→ Task requirements
Every entry must come back exactly as it was given.

Stored data
┌────────
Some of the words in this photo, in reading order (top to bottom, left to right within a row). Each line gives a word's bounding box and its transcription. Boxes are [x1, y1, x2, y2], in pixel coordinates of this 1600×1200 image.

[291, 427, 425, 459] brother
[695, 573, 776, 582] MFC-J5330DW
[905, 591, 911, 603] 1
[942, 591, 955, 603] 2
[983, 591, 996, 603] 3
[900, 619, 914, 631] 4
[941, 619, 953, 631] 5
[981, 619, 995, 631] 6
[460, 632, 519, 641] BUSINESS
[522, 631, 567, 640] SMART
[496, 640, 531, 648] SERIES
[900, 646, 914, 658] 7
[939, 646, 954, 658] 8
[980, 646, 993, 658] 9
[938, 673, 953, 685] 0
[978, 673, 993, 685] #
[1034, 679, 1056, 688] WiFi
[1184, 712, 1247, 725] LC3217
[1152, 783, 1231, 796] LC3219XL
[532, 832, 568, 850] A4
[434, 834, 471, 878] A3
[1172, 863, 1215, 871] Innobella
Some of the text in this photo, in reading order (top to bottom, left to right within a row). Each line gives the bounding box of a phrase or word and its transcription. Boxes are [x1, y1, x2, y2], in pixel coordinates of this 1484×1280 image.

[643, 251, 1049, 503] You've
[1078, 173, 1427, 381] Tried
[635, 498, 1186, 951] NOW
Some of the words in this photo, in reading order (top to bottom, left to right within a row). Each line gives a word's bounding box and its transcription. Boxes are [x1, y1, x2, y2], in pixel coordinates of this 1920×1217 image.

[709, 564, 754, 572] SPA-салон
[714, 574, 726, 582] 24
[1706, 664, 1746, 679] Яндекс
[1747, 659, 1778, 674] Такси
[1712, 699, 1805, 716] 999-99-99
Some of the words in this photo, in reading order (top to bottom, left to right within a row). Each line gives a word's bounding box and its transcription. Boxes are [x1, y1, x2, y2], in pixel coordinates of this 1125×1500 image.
└────────
→ Written response
Some of the words in this photo, in reading order (top to bottom, left to right within a row). Each line gives a word's bounding box and its transcription. Boxes are [x1, y1, x2, y2], in pixel coordinates of this 1600×1200 image.

[291, 427, 425, 459] brother
[695, 573, 776, 582] MFC-J5330DW
[905, 591, 911, 603] 1
[942, 591, 955, 603] 2
[983, 591, 996, 603] 3
[900, 619, 914, 631] 4
[941, 619, 953, 631] 5
[981, 619, 995, 631] 6
[460, 632, 519, 641] BUSINESS
[522, 631, 567, 640] SMART
[496, 640, 531, 648] SERIES
[900, 646, 914, 658] 7
[939, 646, 954, 658] 8
[980, 646, 993, 658] 9
[938, 673, 953, 685] 0
[978, 673, 993, 685] #
[1034, 679, 1056, 688] WiFi
[1184, 712, 1247, 725] LC3217
[1152, 783, 1231, 796] LC3219XL
[532, 832, 568, 850] A4
[434, 834, 471, 878] A3
[1172, 863, 1215, 871] Innobella
Some of the text in this photo, in reading order (top to bottom, left to right within a row). Each line gives the bounding box of a phrase or word and its transcription. Boxes are [x1, y1, x2, y2], in pixel coordinates of this 1484×1280 image.

[643, 251, 1049, 503] You've
[1078, 173, 1427, 381] Tried
[635, 498, 1186, 951] NOW
Some of the words in this photo, in reading order (top to bottom, left to right within a row). Each line gives a word's bounding box and its transcription. Boxes are [x1, y1, x2, y2], in pixel coordinates of this 1920×1217 image.

[709, 564, 754, 572] SPA-салон
[714, 574, 726, 582] 24
[1706, 664, 1746, 679] Яндекс
[1747, 659, 1778, 674] Такси
[1712, 699, 1805, 716] 999-99-99
Some of the words in this photo, in reading order (top to bottom, left to right within a row). Each line gives a word's bounding box and its transcription. Boxes are [x1, y1, x2, y2], in pixel coordinates of this 1125×1500 image.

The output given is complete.